Ernst Krebs (4 November 1906 – 20 July 1970) was a German sprint canoeist, born in Munich. At the 1936 Summer Olympics, he won the gold medal in the K-1 10000 m event. This event took place on Friday 7 August 1936, at 5:10 pm. In total including himself, there were 15 participants representing 15 countries for the one-seater kayak race. Krebs won gold with a time of 46:01.6. The silver medal went to Fritz Landertinger, of Austria, with a time of 46.14.7 and the bronze medal went to Ernst Riedel, of the U.S.A., with a time of 47.23.9. The electric timing apparatus of the firm of Lòbner was used for time-keeping and there were four timekeepers at the finish line.

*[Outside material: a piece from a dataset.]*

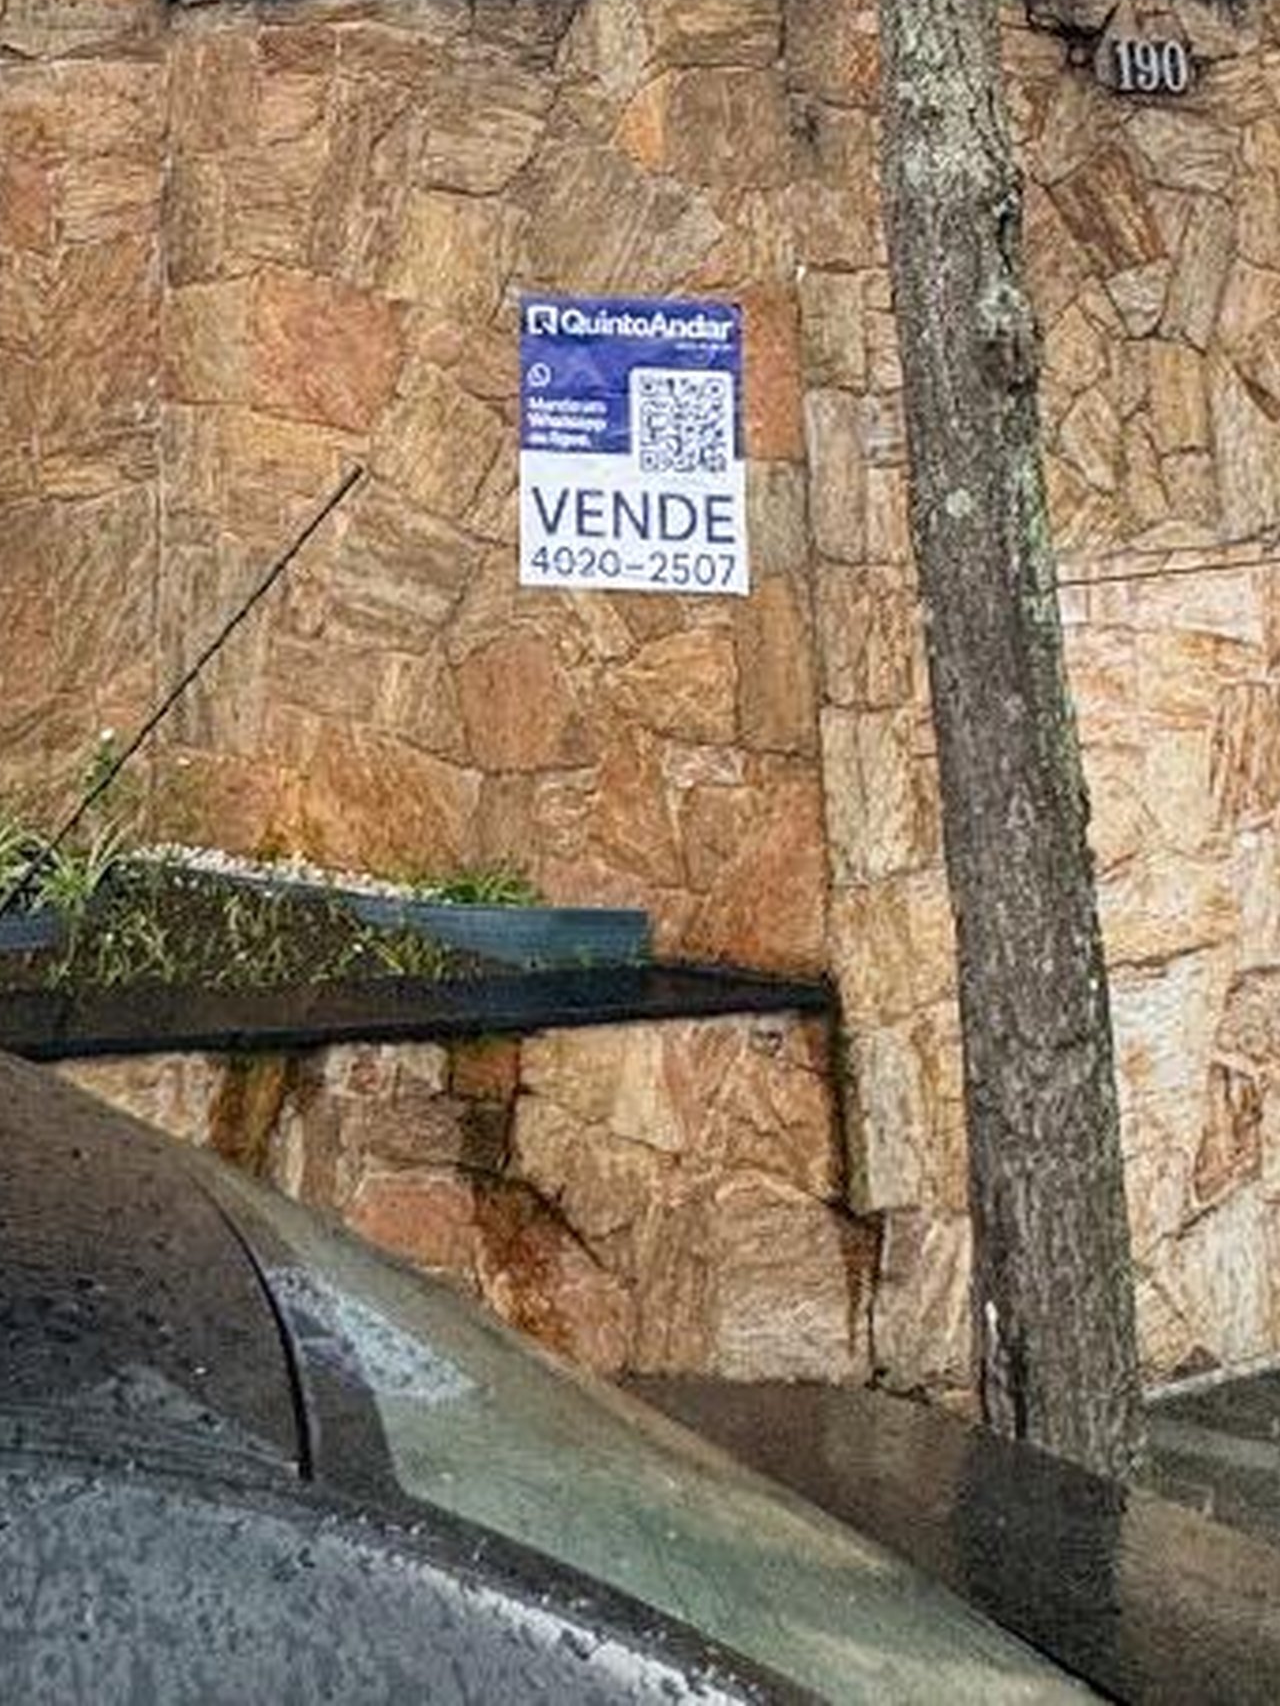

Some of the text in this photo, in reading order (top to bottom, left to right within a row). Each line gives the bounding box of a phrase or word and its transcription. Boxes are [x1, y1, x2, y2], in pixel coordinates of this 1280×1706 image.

[1117, 40, 1188, 92] 190
[561, 309, 733, 339] QuintoAndar
[532, 486, 735, 543] VENDE
[531, 546, 736, 586] 4020-2507

Prior to and during his canoeing career, he was a competitive cross-country skier and won four German titles with the Bavarian 4x10 km relay at the Nordic Championships from 1928-1932. At the 1929 FIS Nordic World Ski Championships, Krebs came eighth in an 18 km race. He was affiliated with the Kanu-Club der Turngemeinde München. In 1933, he won the European flatwater canoeing title in the K-1 over 10 km at the Canoe Sprint European Championships. He later qualified for the 1936 Olympics.

Krebs was also a mountaineer and would often go to the Alps with Toni Schmid (who had the second successful climb up the Matterhorn, alongside his brother Franz, in 1931). In 1932, Krebs survived a significant fall at the Großes Wiesbachhorn whilst climbing.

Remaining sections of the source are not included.